Furthermore, many fire safety costs extend beyond cladding removal. Those residents paying an additional mortgage for the waking watch and insurance costs on their block had hoped for some government support – particularly given the coronavirus outbreak. Others who face remediation costs for issues such as missing fire breaks or internal defects also look set to be excluded from the fund.
We still don’t know the size of the problem
Last summer, the government instructed local authorities to collect data on all private blocks above 18m within their boundaries, to build up a national picture of non-aluminium composite material (ACM) clad buildings.
The deadline for completing this crucial work was 31 March, but – as Inside Housing revealed in January – the collection process was going badly with more than 70% of blocks unidentified. Local authorities complained that they did not have the powers or resources to force private building owners to release the information.
These fears appear to have materialised: the deadline has passed and no nationwide data is yet available about the scale of the building safety crisis outside ACM. This is an important omission: it means we have no real idea of the scale of the problem, how long it will take to solve or whether the £1bn fund will be sufficient.
Housing secretary Robert Jenrick’s letter announcing the changes said “this work continues”, and added that “we encourage local authorities and housing associations who have not yet submitted their data ahead of the deadline to do so as quickly as possible”. (
Jenrick's letter PDF)
The Scottish government recently completed and published this work and several Australian states which were more proactive have managed to gather this data and have moved on to the next phase of making them safe. That the English government has not, almost three years after the Grenfell Tower fire, is not a good look.
The static mortgage market problem has not been solved yet
A major source of stress for flatowners at the moment is not necessarily the knowledge that they definitely do have dangerous cladding on their buildings, but the lack of knowledge about what actually is there.
Government advice notes insisting all buildings down to 11m must have non-combustible facades or be justified through large-scale testing has kicked off a fully blown mortgage crisis, with flat residents unable to buy or sell until testing confirms their facade is safe.
But with limited testing facilities this has resulted in people simply being stuck, unable to sell. A recent effort to solve the problem by allowing surveyors to fill out a form confirming the facade as non-combustible has also faltered, in part because of difficulties securing indemnity insurance.
The recent updates acknowledge this problem but offer nothing new to solve it. There is hope that the announcement of the fund will give lenders the confidence to lend again (as they know the remediation will be carried out and the costs covered), but with its limits and the lack of information about how many buildings it must be spread between this seems optimistic.
A “round table with mortgage lenders” is promised for buildings below 18m and “work with the [insurance] industry to consider potential solutions” is offered for the indemnity issue. As before, the good news is that this is still being thought of.

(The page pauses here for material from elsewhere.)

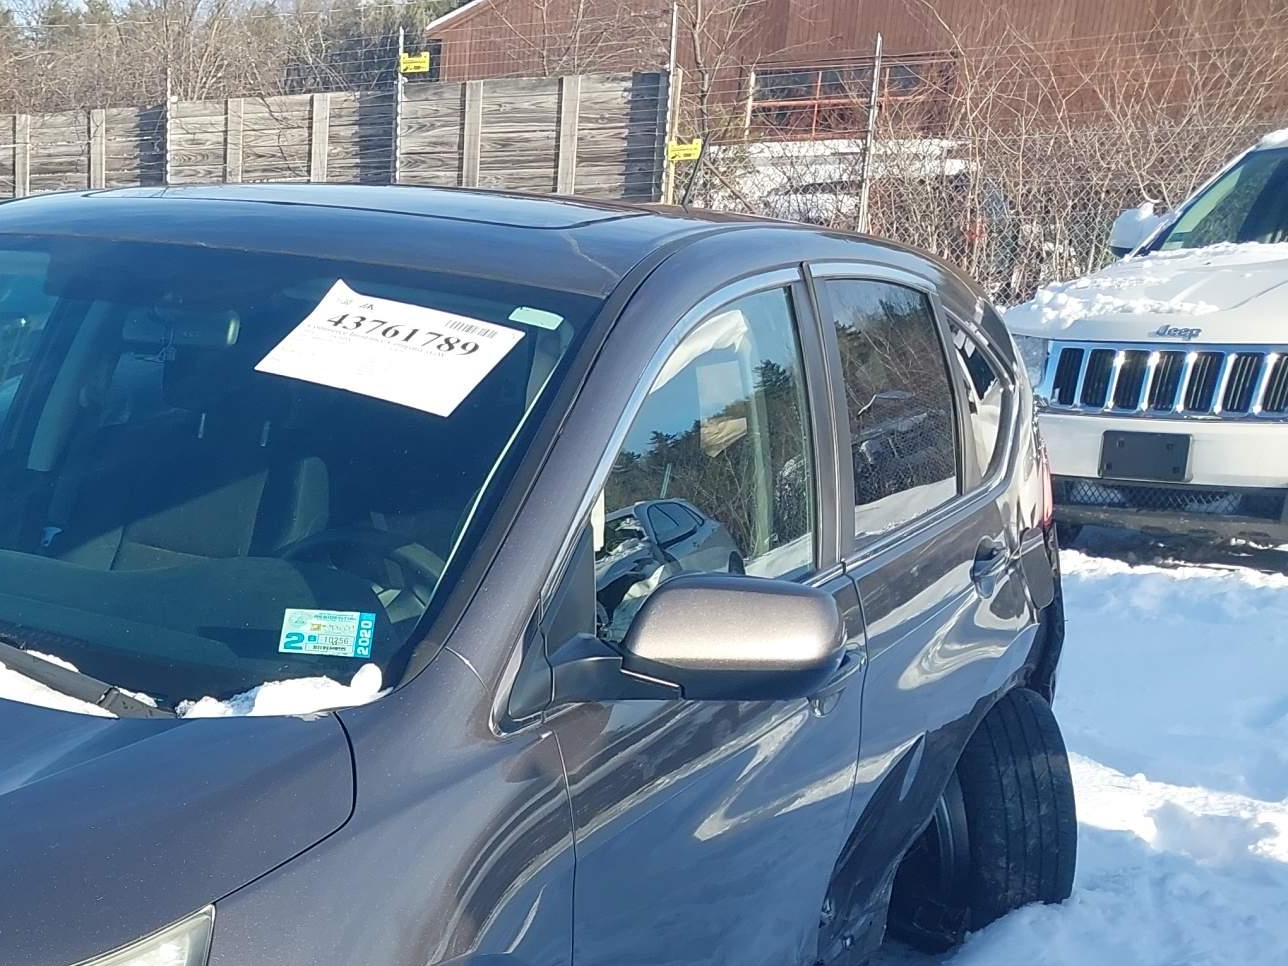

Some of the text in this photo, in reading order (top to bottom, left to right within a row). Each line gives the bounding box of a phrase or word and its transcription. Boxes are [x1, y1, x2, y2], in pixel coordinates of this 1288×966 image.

[326, 313, 480, 356] 43761789
[1156, 324, 1202, 340] Jeep
[283, 632, 305, 650] 2
[356, 620, 373, 656] 2020

The bad news is that it doesn’t appear close to any real answers.
The combustibles ban is still to come, with all eyes on timber
The next big step in the fire safety picture is a consultation on whether to lower the combustibles ban to 11m.
Broadly, this is a non-controversial decision but one aspect is proving very contentious.
Banning combustibles from walls would mean an end to the use of manufactured timber and if the combustibles ban comes down to 11m that could be the end for the cross-laminated timber industry.
Furious lobbying from the timber industry for an exemption is under way and the deadline for the consultation has been pushed back to 25 May. It is worth keeping an eye on.